Moi, je suis le chemin...
«Que votre coeur ne se trouble pas ! [Vous] croyez en Dieu ; croyez aussi en moi. Dans la maison de mon Père, il y a de nombreuses demeures ; sinon, vous aurais-je dit que je vais vous préparer une place ? Et quand je serai allé et que je vous aurai préparé une place, de nouveau je viens, et je vous prendrai auprès de moi, pour que là où je suis, moi, vous aussi vous soyez. Et où moi je pars, vous savez le chemin.» Thomas lui dit : «Nous ne savons pas où tu pars ; comment pouvons-nous savoir le chemin ?» Jésus lui dit : «Moi, je suis le chemin, et la vérité, et la vie ! Personne ne vient vers le Père que par moi. Si vous m'avez connu, vous connaîtrez aussi mon Père. Et dès à présent, vous le connaissez, et vous l'avez vu.» Philippe lui dit : «Seigneur, montre-nous le Père, et cela nous suffit.» Jésus lui dit : «Depuis si longtemps je suis avec vous et tu ne me connais pas, Philippe ! Celui qui m'a vu a vu le Père. Comment toi dis-tu : «Montre-nous le Père ?» Ne crois-tu pas que moi, [je suis] dans le Père et que le Père est en moi ? Les paroles que moi je prononce pour vous, ce n'est pas de moi-même que je les prononce ; c'est le Père demeurant en moi qui fait ses oeuvres. Croyez m'en : moi, [je suis] dans le Père et le Père [est] en moi ; sinon, croyez à cause des oeuvres mêmes. En vérité, en vérité je vous dis : Celui qui croit en moi fera, lui aussi, les oeuvres que moi je fais, et il en fera de plus grandes, parce que moi je vais vers le Père...»
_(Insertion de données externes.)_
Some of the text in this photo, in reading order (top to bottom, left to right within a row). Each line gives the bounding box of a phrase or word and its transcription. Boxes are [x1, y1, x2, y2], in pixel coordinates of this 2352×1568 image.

«Que votre coeur ne se trouble pas !» Quelqu'un parle et les premières paroles que nous lisons sont une invitation à la sérénité parce que le trouble est là déjà, ou parce que le trouble risque de venir.
Or voici que le remède, si j'ose dire, est aussitôt proposé : «Vous croyez en Dieu» (ou, si vous voulez, lisez autrement : croyez en Dieu !) «croyez aussi en moi». Croire : voilà une manière d'être. Cette même manière d'être, qui convient quand il s'agit de se rapporter à Dieu, Jésus l'applique à quelqu'un qu'il désigne, comme chacun d'entre nous se désigne, sous le nom de moi. «Croyez en Dieu» ou «[Vous] croyez en Dieu ; croyez aussi en moi».
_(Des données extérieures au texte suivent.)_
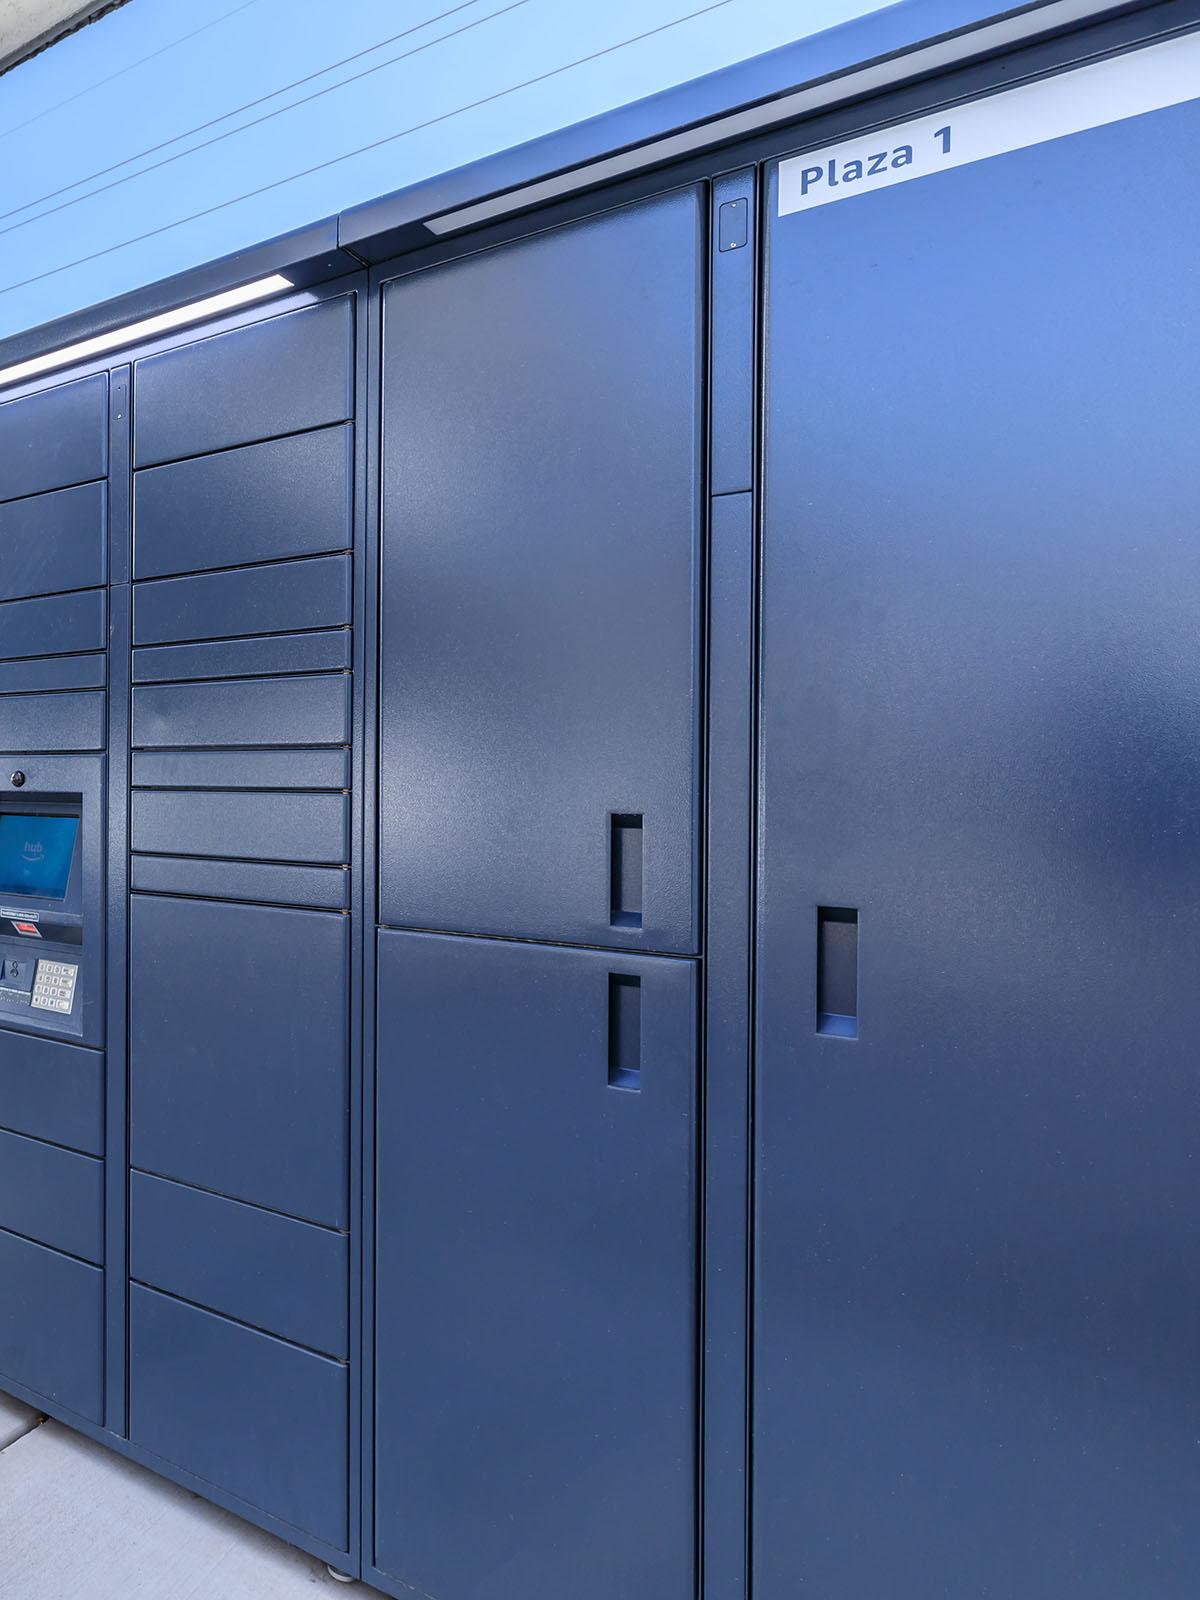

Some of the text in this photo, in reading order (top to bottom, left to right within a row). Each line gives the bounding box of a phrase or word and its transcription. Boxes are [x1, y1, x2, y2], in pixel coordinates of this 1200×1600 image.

[800, 125, 952, 196] Plaza 1
[24, 840, 43, 853] hub
Et, sans doute avez-vous observé avec quelle insistance revient ce petit mot : «moi». Ainsi donc celui qui parle souligne que c'est lui qui parle.
S'il est vrai que nous croyons, et que nous croyons en Dieu, il n'y a donc rien d'autre à faire qu'à croire en celui qui parle. Oui, croire en Dieu amène du même mouvement à croire en celui qui parle et qui dit «moi», c'est-à-dire, qui utilise le mot que j'utilise moi aussi, pour parler de moi ! Croire en Dieu conduit donc à croire aussi en cet autre, qui lui aussi dit moi, mais qui écoute, qui croit !
On pourrait s'arrêter maintenant. Tout ce que je vais vous dire ne va être que redondance par rapport à ce que je viens d'exprimer succinctement. C'est tellement vrai que nous pouvons nous porter d'emblée vers la fin de ce passage.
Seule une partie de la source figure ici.